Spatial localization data
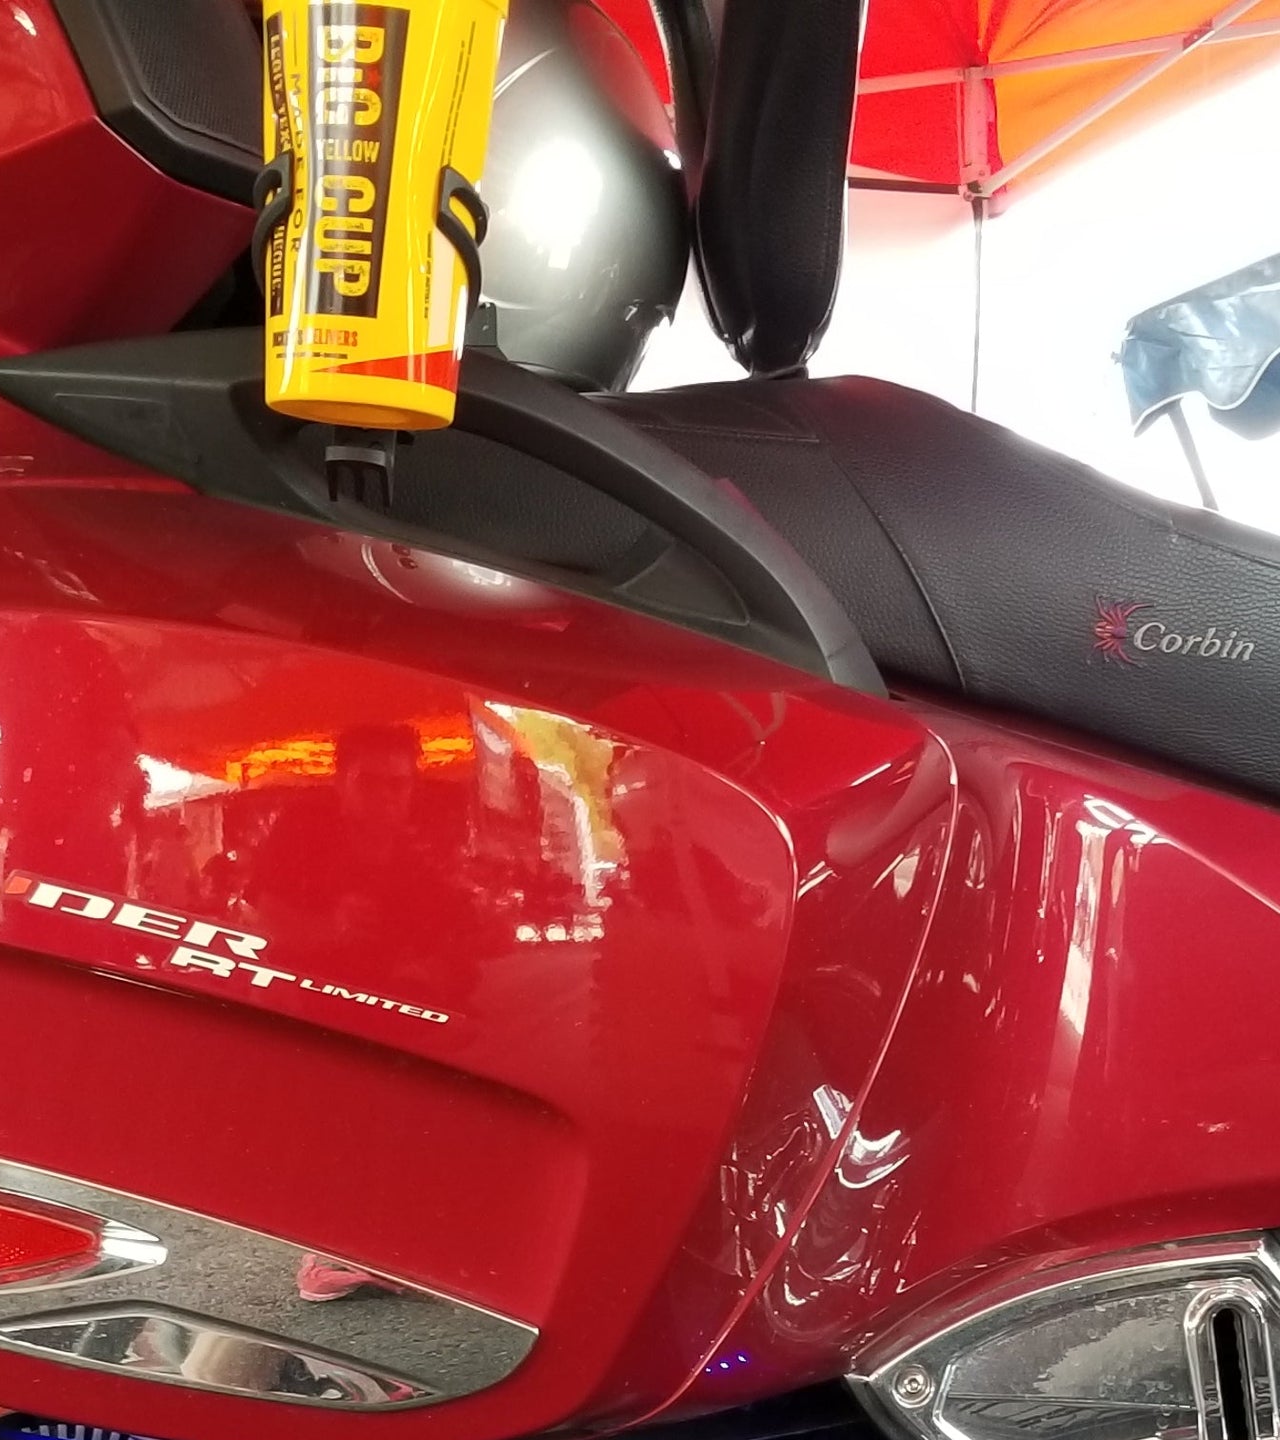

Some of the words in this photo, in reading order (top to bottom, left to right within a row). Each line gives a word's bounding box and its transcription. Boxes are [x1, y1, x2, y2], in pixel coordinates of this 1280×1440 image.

[314, 25, 386, 125] BIG
[316, 139, 380, 163] YELLOW
[314, 174, 377, 298] CUP
[1133, 621, 1256, 662] Corbin
[170, 946, 297, 989] RT
[299, 978, 450, 1024] LIMITED
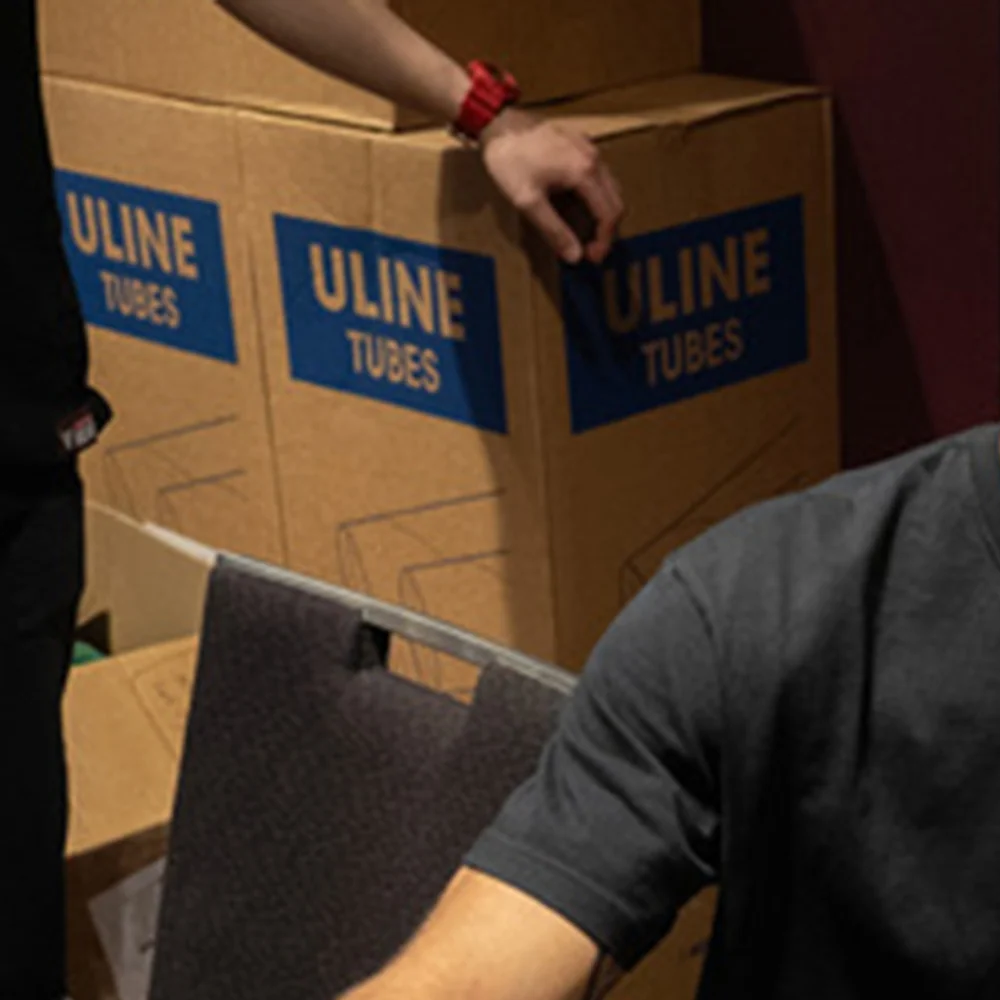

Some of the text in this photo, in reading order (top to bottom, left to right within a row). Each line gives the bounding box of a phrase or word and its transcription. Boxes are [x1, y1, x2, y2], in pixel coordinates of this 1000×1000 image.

[66, 191, 198, 280] ULINE
[100, 270, 181, 329] TUBES
[309, 243, 466, 341] ULINE
[603, 227, 772, 334] ULINE
[345, 328, 442, 394] TUBES
[641, 317, 745, 387] TUBES
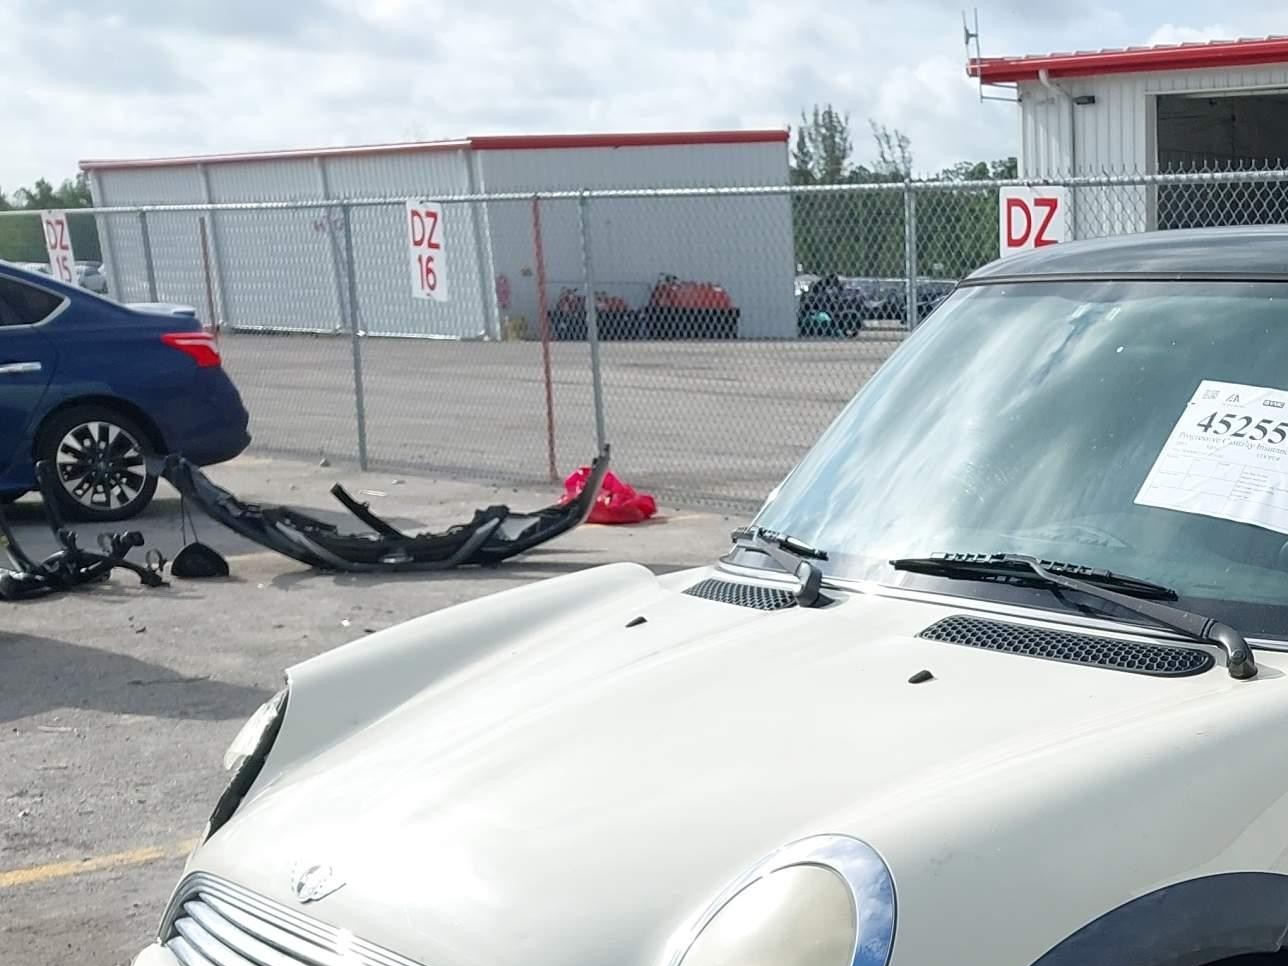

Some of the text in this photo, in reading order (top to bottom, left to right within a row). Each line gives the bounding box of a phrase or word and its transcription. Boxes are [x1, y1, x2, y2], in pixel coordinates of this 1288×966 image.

[46, 219, 69, 250] DZ
[411, 209, 440, 249] DZ
[1006, 198, 1058, 248] DZ
[56, 255, 72, 283] 15
[418, 254, 437, 291] 16
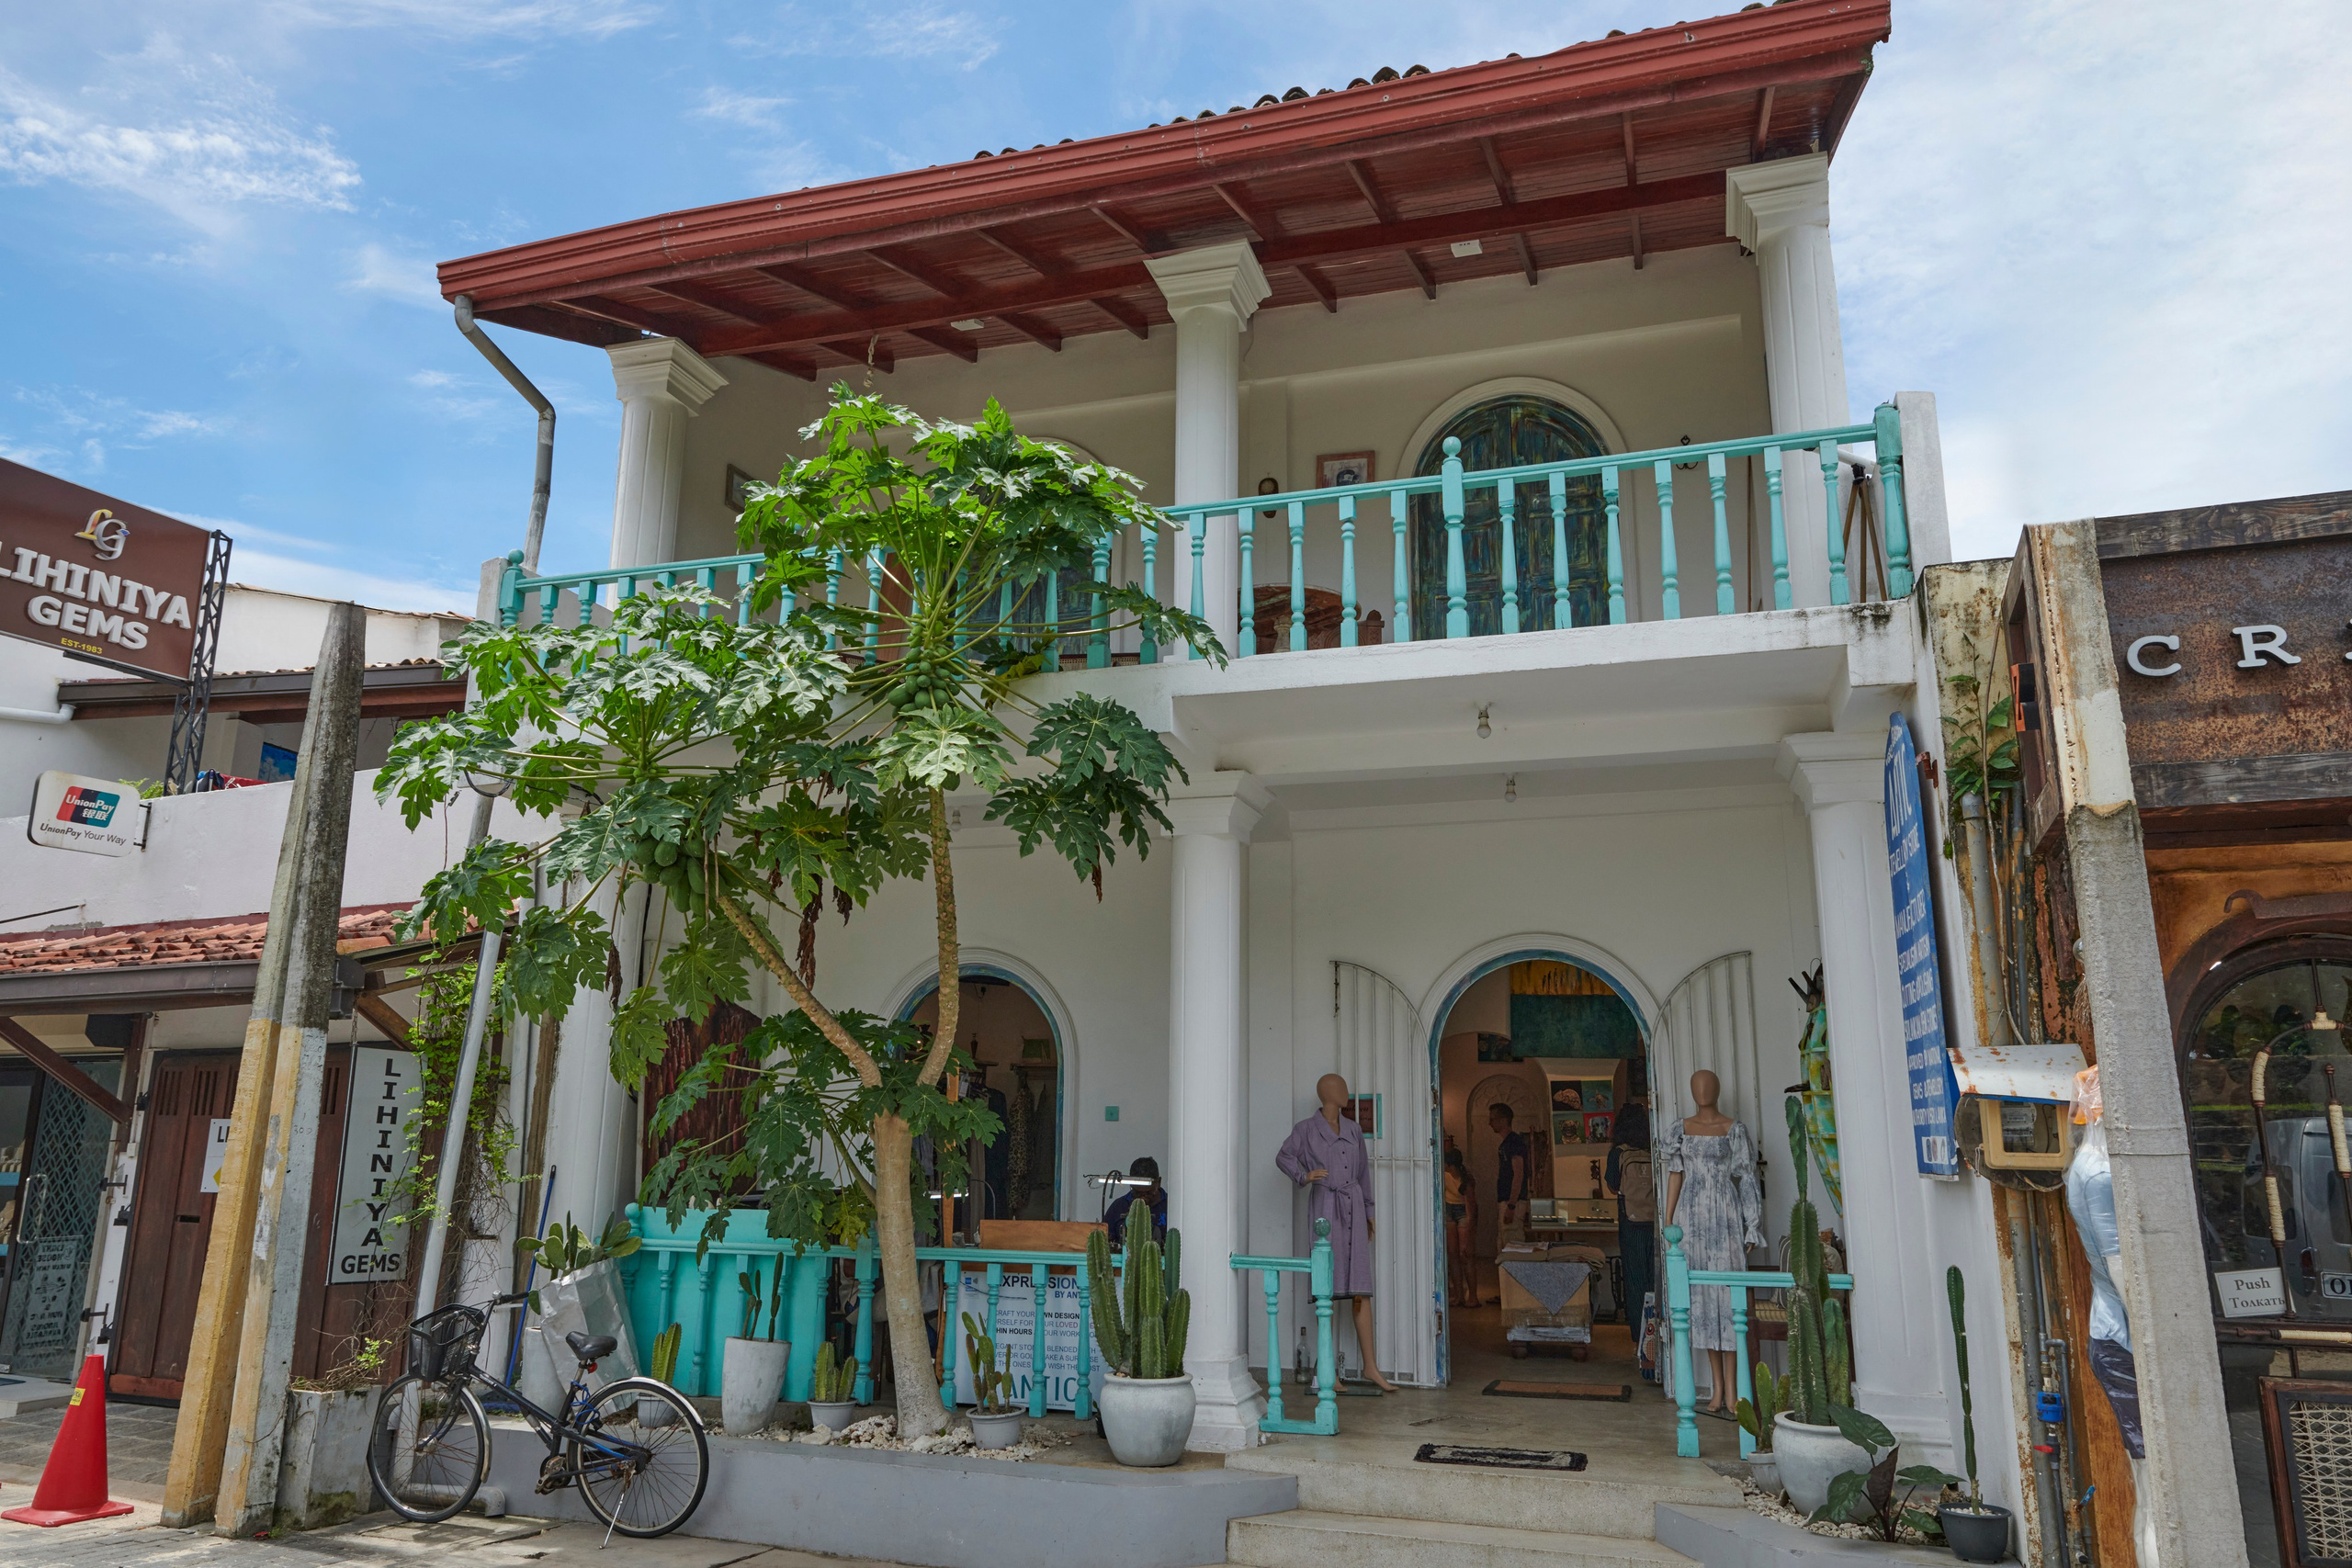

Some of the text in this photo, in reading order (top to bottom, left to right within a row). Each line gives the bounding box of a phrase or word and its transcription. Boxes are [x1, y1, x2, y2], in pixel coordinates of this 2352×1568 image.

[28, 595, 150, 649] GEMS
[61, 637, 103, 654] EST-1983
[2127, 618, 2352, 677] CR
[65, 795, 115, 814] UnionPay
[82, 808, 109, 820] 银联
[40, 822, 126, 846] UnionPay Your Way
[361, 1058, 401, 1247] LIHINIYA
[341, 1254, 401, 1275] GEMS
[1000, 1275, 1080, 1290] XPRSION
[2234, 1277, 2271, 1291] Push
[1067, 1291, 1080, 1299] ANT
[2229, 1297, 2285, 1309] Толкать

| Exercise aim |
Would you retype every line shown above exactly, leaving the pictures aside?

| Answer area |
Some of the words in this photo, in reading order (top to bottom, left to right within a row). Each line gives a word's bounding box and its transcription. Boxes are [x1, y1, x2, y2], in pixel coordinates of this 1280×1440 image.

[314, 25, 386, 125] BIG
[316, 139, 380, 163] YELLOW
[314, 174, 377, 298] CUP
[1133, 621, 1256, 662] Corbin
[170, 946, 297, 989] RT
[299, 978, 450, 1024] LIMITED

Some of the text in this photo, in reading order (top to bottom, left to right within a row). Each line gives the bounding box of a phrase or word and its transcription. Boxes are [x1, y1, x2, y2], in pixel coordinates of this 1000×1000 image.

[66, 191, 198, 280] ULINE
[100, 270, 181, 329] TUBES
[309, 243, 466, 341] ULINE
[603, 227, 772, 334] ULINE
[345, 328, 442, 394] TUBES
[641, 317, 745, 387] TUBES

Some of the text in this photo, in reading order (top to bottom, left to right within a row). Each line gives the bounding box of a phrase or word and its transcription. Boxes are [x1, y1, x2, y2], in pixel coordinates of this 1288×966 image.

[46, 219, 69, 250] DZ
[411, 209, 440, 249] DZ
[1006, 198, 1058, 248] DZ
[56, 255, 72, 283] 15
[418, 254, 437, 291] 16

Some of the text in this photo, in reading order (top to bottom, left to right within a row). Each line gives the bounding box of a phrase or word and its transcription. Boxes are [x1, y1, x2, y2], in pixel coordinates of this 2352×1568 image.

[28, 595, 150, 649] GEMS
[61, 637, 103, 654] EST-1983
[2127, 618, 2352, 677] CR
[65, 795, 115, 814] UnionPay
[82, 808, 109, 820] 银联
[40, 822, 126, 846] UnionPay Your Way
[361, 1058, 401, 1247] LIHINIYA
[341, 1254, 401, 1275] GEMS
[1000, 1275, 1080, 1290] XPRSION
[2234, 1277, 2271, 1291] Push
[1067, 1291, 1080, 1299] ANT
[2229, 1297, 2285, 1309] Толкать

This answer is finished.